Now align the power of $x$ to be the least power $n-1$.

$$\sum_{n=1}^{\infty}[nc_{n} + c_{n-1} - \frac{1}{(n-1)!}]x^{n-1} = 0 .$$

Using term by term differentiation. the coefficients of $x^{n-1}$ are all 0. Thus, we have

$$nc_{n} + c_{n-1} - \frac{1}{(n-1)!} = 0 , n \geq 1 .$$

or

$$c_{n} = \frac{1}{n!} - \frac{c_{n-1}}{n}$$

Now that the value of $c_{0}$ is determined by $y(0)$. In this case, $c_0$ is treated as constant.
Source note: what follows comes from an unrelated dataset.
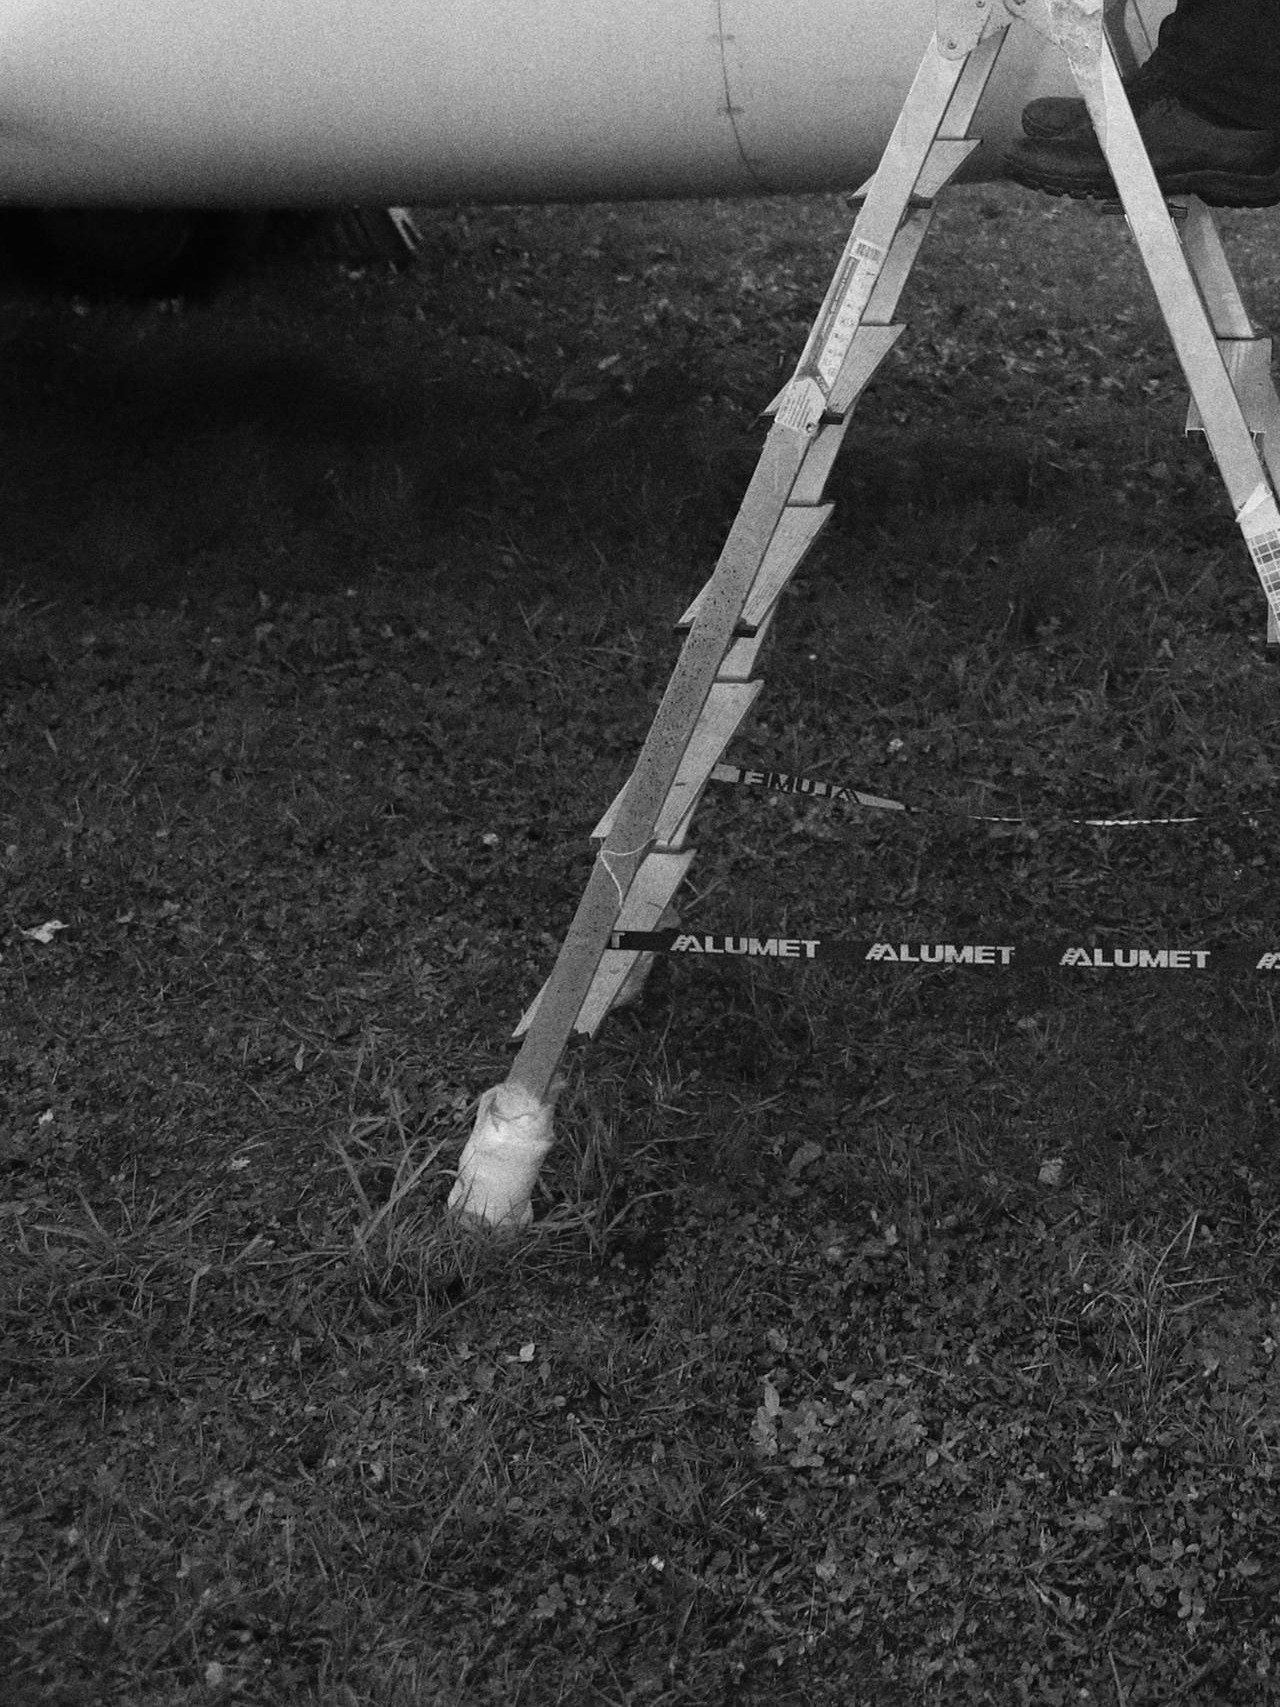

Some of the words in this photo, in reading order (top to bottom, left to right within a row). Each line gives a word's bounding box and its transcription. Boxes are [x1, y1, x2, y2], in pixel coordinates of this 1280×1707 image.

Thus, we find $c_{1},c_{2},\ldots$. Then

$$c_{1} = 1 - c_{0}, c_{2} = \frac{c_{0}}{2}, c_{3} = \frac{1}{3!} - \frac{c_{0}}{3!}, \cdots$$

From this,

$$c_{2n} = \frac{c_{0}}{(2n)!)}, c_{2n+1} = \frac{1 - c_{0}}{(2n+1)!} .$$

Put this into $y(x) = \sum_{n=0}^{\infty}c_{n}x^{n}$. Then

$$y = \sum_{n=0}^{\infty}c_{2n}x^{2n} + \sum_{n=0}^{\infty}c_{2n+1}x^{2n+1}$$

$$= c_{0}\sum_{n=0}^{\infty} \frac{x^{2n}}{(2n)!} + \sum_{n=0}^{\infty} \frac{x^{2n+1}}{(2n+1)!} - c_{0} \sum_{n=0}^{\infty} \frac{x^{2n+1}}{(2n+1)!}$$

$$= c_{0}\sum_{n=0}^{\infty} \frac{(-1)^{n}x^{n}}{(n)!} + \sum_{n=0}^{\infty} \frac{x^{2n+1}}{(2n+1)!}$$

Therefore, the solution is given by the following function.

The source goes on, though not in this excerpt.